Exercise goal:
Skip the images and repeat every entry word for word.
============
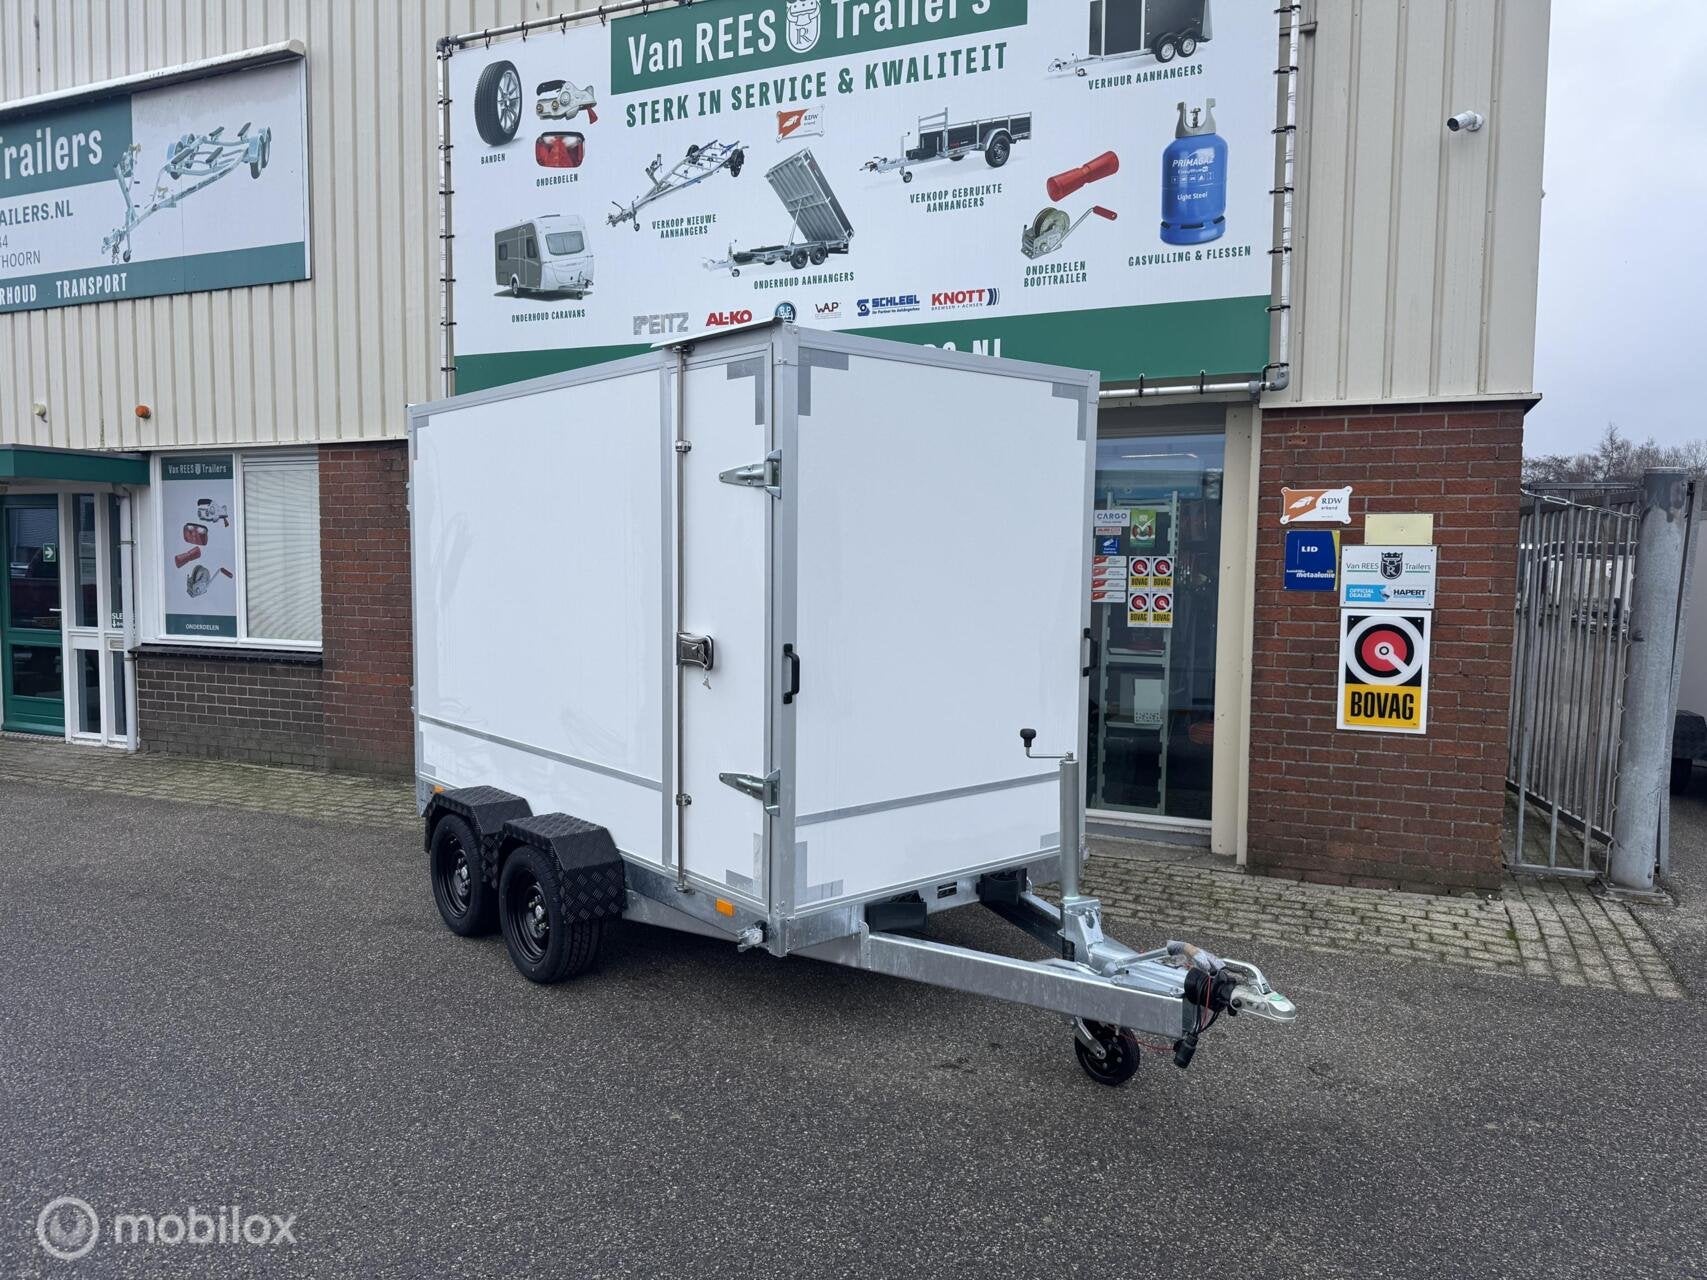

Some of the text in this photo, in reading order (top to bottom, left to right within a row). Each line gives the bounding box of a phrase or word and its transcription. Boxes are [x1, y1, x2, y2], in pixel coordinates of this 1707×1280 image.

[628, 9, 776, 75] Van REES
[627, 42, 1007, 127] STERK IN SERVICE & KWALITEIT
[1088, 64, 1203, 90] VERHUUR AANHANGERS
[0, 127, 102, 179] railers
[481, 153, 506, 165] BANDEN
[536, 173, 578, 187] ONDERDELEN
[910, 183, 1003, 203] VERKOOP GEBRUIKTE
[1177, 191, 1208, 202] Light Steel
[926, 197, 985, 213] AANHANGERS
[652, 214, 717, 230] VERKOOP NIEUWE
[660, 225, 708, 238] AANHANGERS
[1128, 246, 1251, 267] GASVULLING & FLESSEN
[1025, 261, 1086, 275] ONDERDELEN
[56, 273, 127, 299] TRANSPORT
[753, 272, 855, 290] ONDERHOUD AANHANGERS
[1024, 273, 1087, 287] BOOTTRAILER
[872, 294, 920, 308] SCHLEGL
[931, 288, 986, 306] KNOTT
[511, 308, 586, 323] ONDERHOUD CARAVANS
[705, 309, 753, 327] AL-KO
[168, 463, 227, 474] Van REES Trailers
[1346, 562, 1379, 570] Van REES
[1131, 577, 1149, 586] BOVAG
[1153, 578, 1171, 586] BOVAG
[1130, 612, 1147, 622] BOVAG
[1152, 613, 1171, 622] BOVAG
[1350, 690, 1414, 721] BOVAG
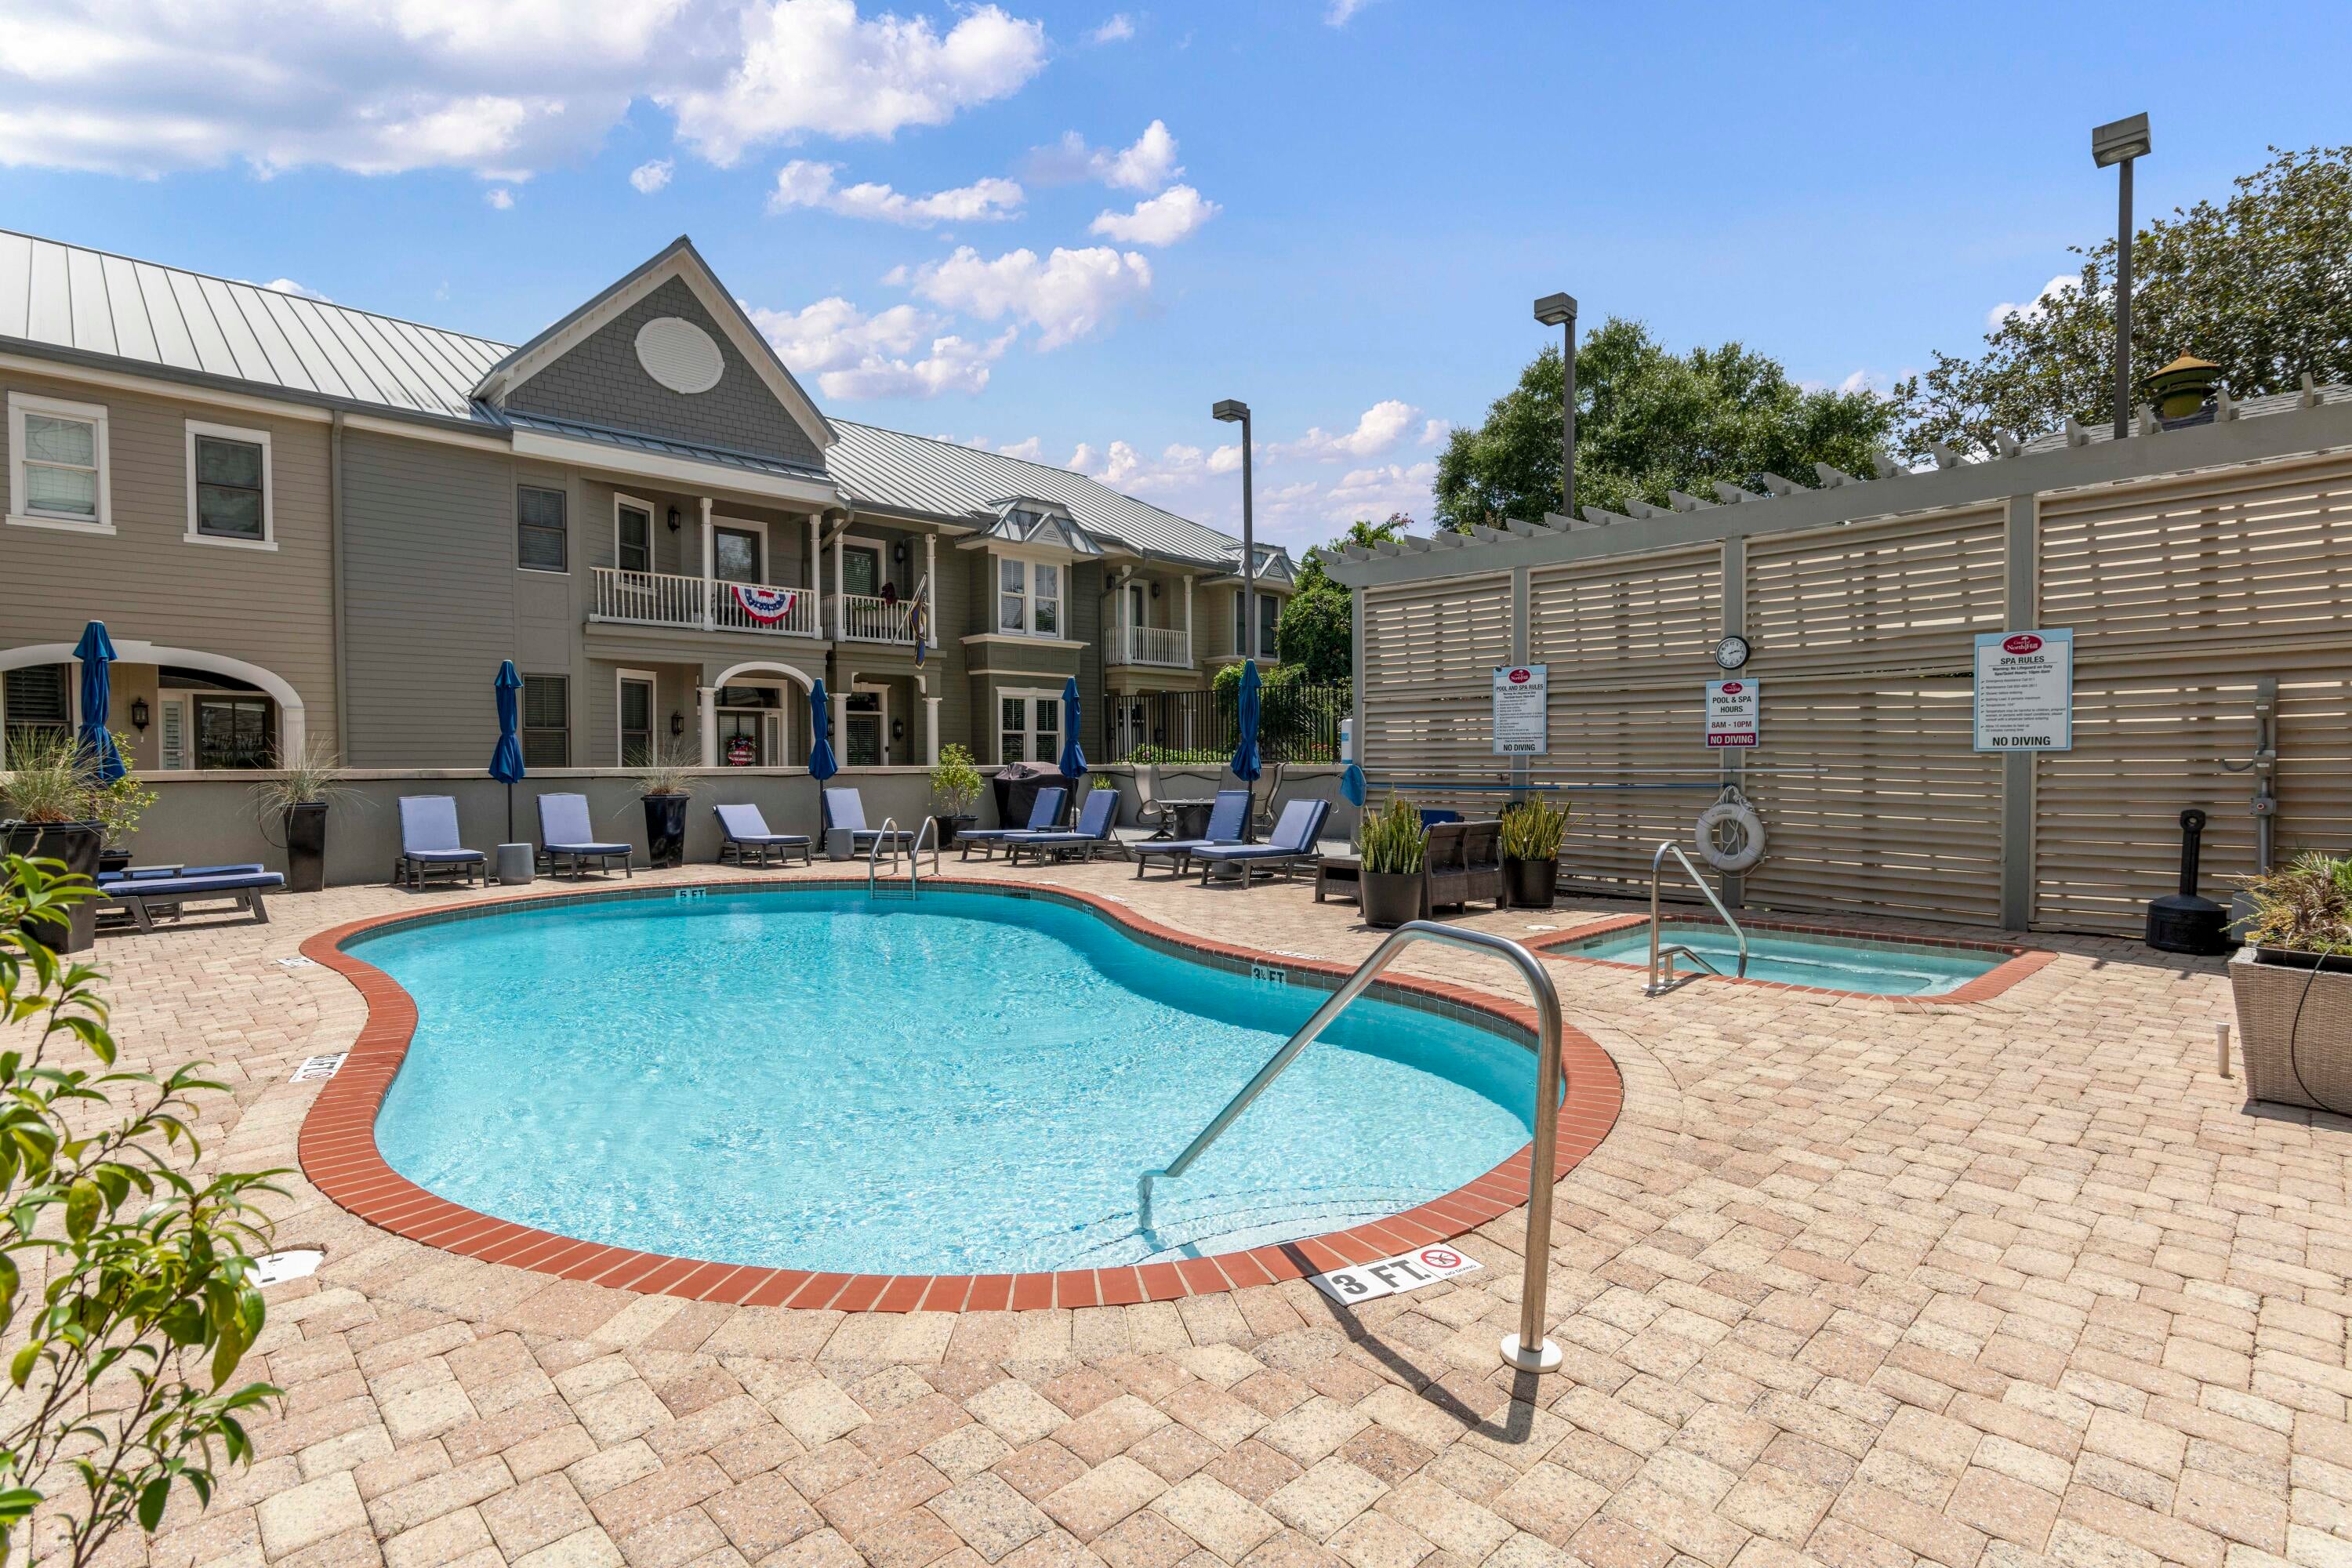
============
Exercise solution:
Some of the text in this photo, in reading order (top to bottom, left to right within a row). Each line gives the bounding box of a phrase or word and its transcription. Boxes are [x1, y1, x2, y2], in pixel coordinates of this 1707×1280 image.

[628, 9, 776, 75] Van REES
[627, 42, 1007, 127] STERK IN SERVICE & KWALITEIT
[1088, 64, 1203, 90] VERHUUR AANHANGERS
[0, 127, 102, 179] railers
[481, 153, 506, 165] BANDEN
[536, 173, 578, 187] ONDERDELEN
[910, 183, 1003, 203] VERKOOP GEBRUIKTE
[1177, 191, 1208, 202] Light Steel
[926, 197, 985, 213] AANHANGERS
[652, 214, 717, 230] VERKOOP NIEUWE
[660, 225, 708, 238] AANHANGERS
[1128, 246, 1251, 267] GASVULLING & FLESSEN
[1025, 261, 1086, 275] ONDERDELEN
[56, 273, 127, 299] TRANSPORT
[753, 272, 855, 290] ONDERHOUD AANHANGERS
[1024, 273, 1087, 287] BOOTTRAILER
[872, 294, 920, 308] SCHLEGL
[931, 288, 986, 306] KNOTT
[511, 308, 586, 323] ONDERHOUD CARAVANS
[705, 309, 753, 327] AL-KO
[168, 463, 227, 474] Van REES Trailers
[1346, 562, 1379, 570] Van REES
[1131, 577, 1149, 586] BOVAG
[1153, 578, 1171, 586] BOVAG
[1130, 612, 1147, 622] BOVAG
[1152, 613, 1171, 622] BOVAG
[1350, 690, 1414, 721] BOVAG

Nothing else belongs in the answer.